Exercise input Start Marker

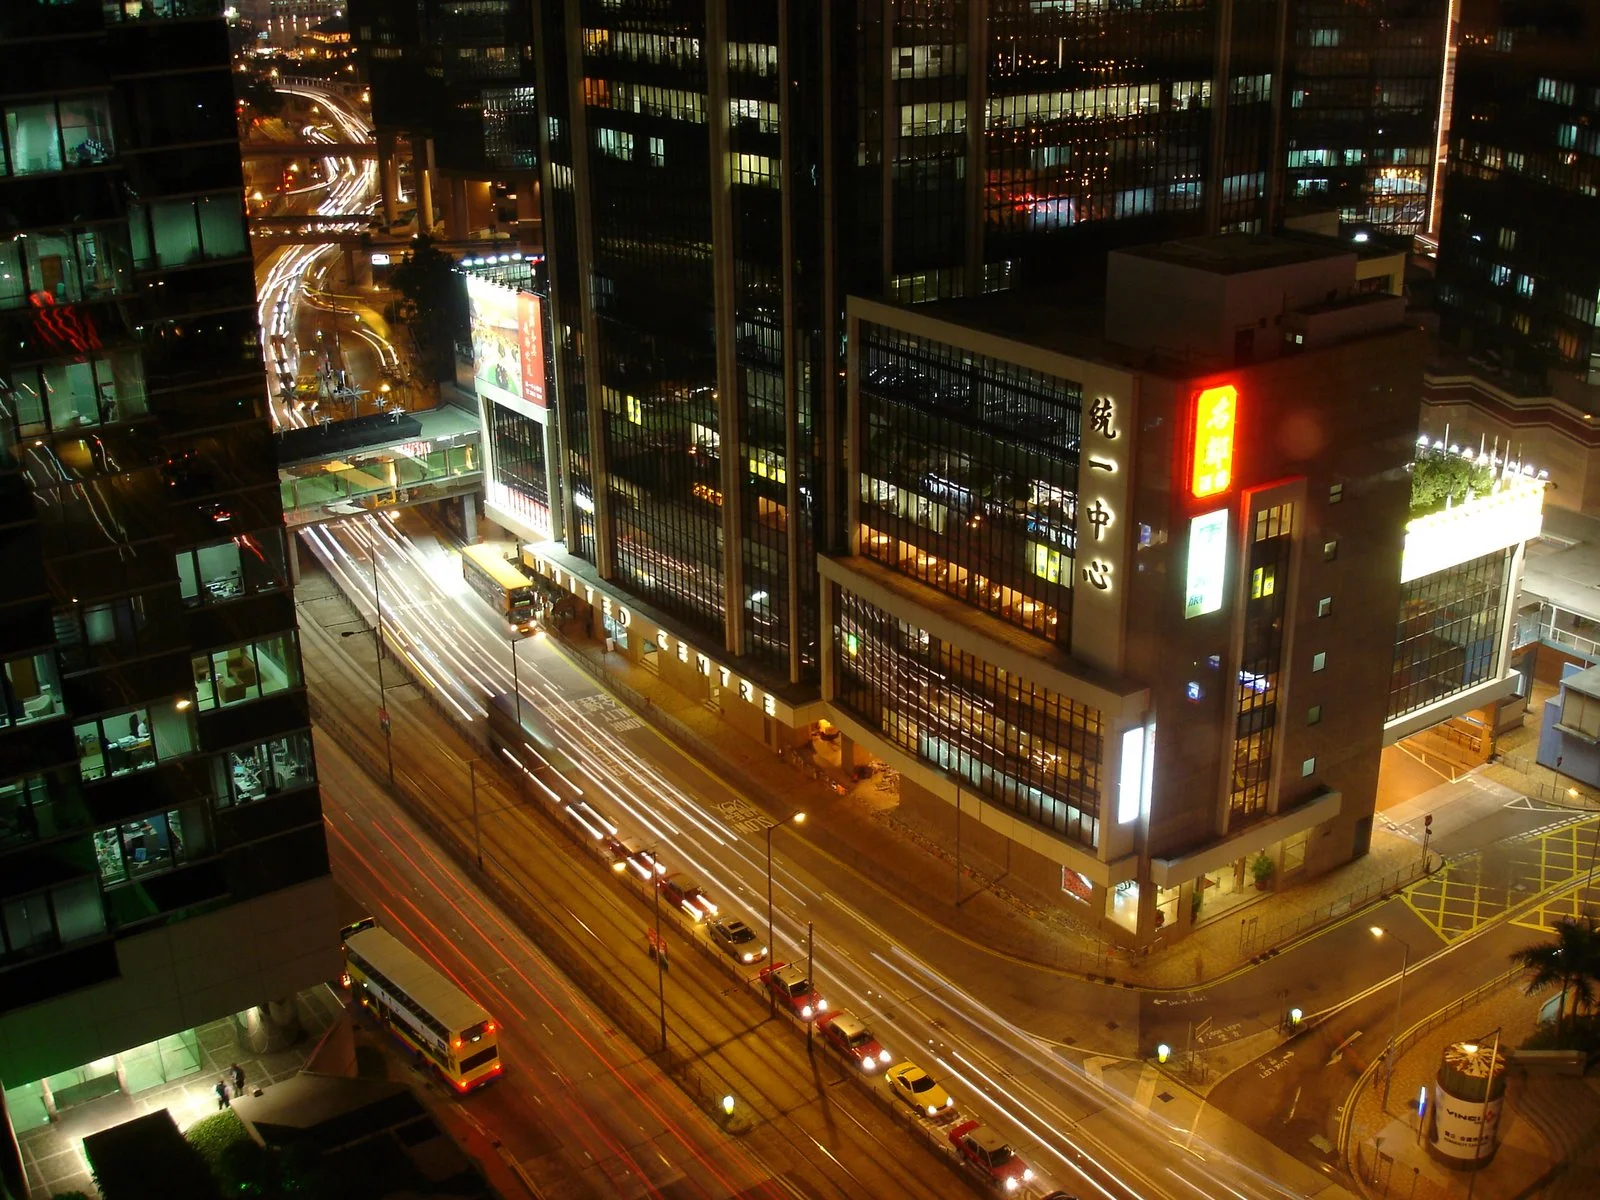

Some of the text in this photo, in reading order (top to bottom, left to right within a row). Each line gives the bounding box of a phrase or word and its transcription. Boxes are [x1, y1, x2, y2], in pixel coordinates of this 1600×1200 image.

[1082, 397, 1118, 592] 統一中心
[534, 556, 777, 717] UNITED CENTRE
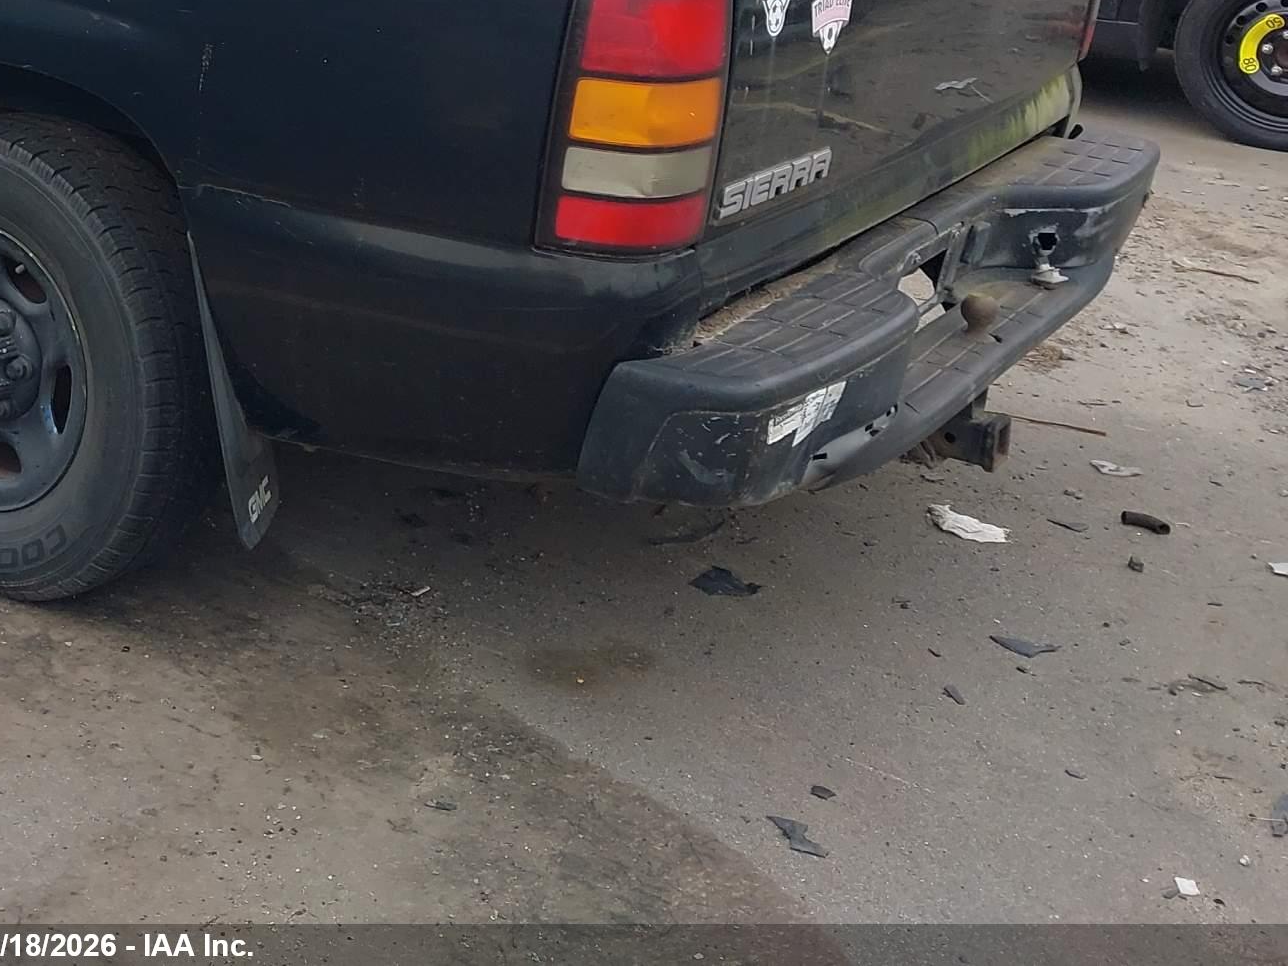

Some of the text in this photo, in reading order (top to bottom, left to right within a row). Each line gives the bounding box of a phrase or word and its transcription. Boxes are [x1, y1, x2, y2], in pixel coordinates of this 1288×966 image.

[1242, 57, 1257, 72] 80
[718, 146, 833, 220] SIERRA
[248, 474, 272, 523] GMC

Exercise input End Marker

» Exercise directions: Without the images, write out each line of the data verbatim.

» Solution for this task:
Some of the text in this photo, in reading order (top to bottom, left to right within a row). Each line gives the bounding box of a phrase or word and its transcription. Boxes are [x1, y1, x2, y2], in pixel coordinates of this 1600×1200 image.

[1082, 397, 1118, 592] 統一中心
[534, 556, 777, 717] UNITED CENTRE

Some of the text in this photo, in reading order (top to bottom, left to right within a row). Each line gives the bounding box of a phrase or word and its transcription. Boxes are [x1, y1, x2, y2], in pixel coordinates of this 1288×966 image.

[1242, 57, 1257, 72] 80
[718, 146, 833, 220] SIERRA
[248, 474, 272, 523] GMC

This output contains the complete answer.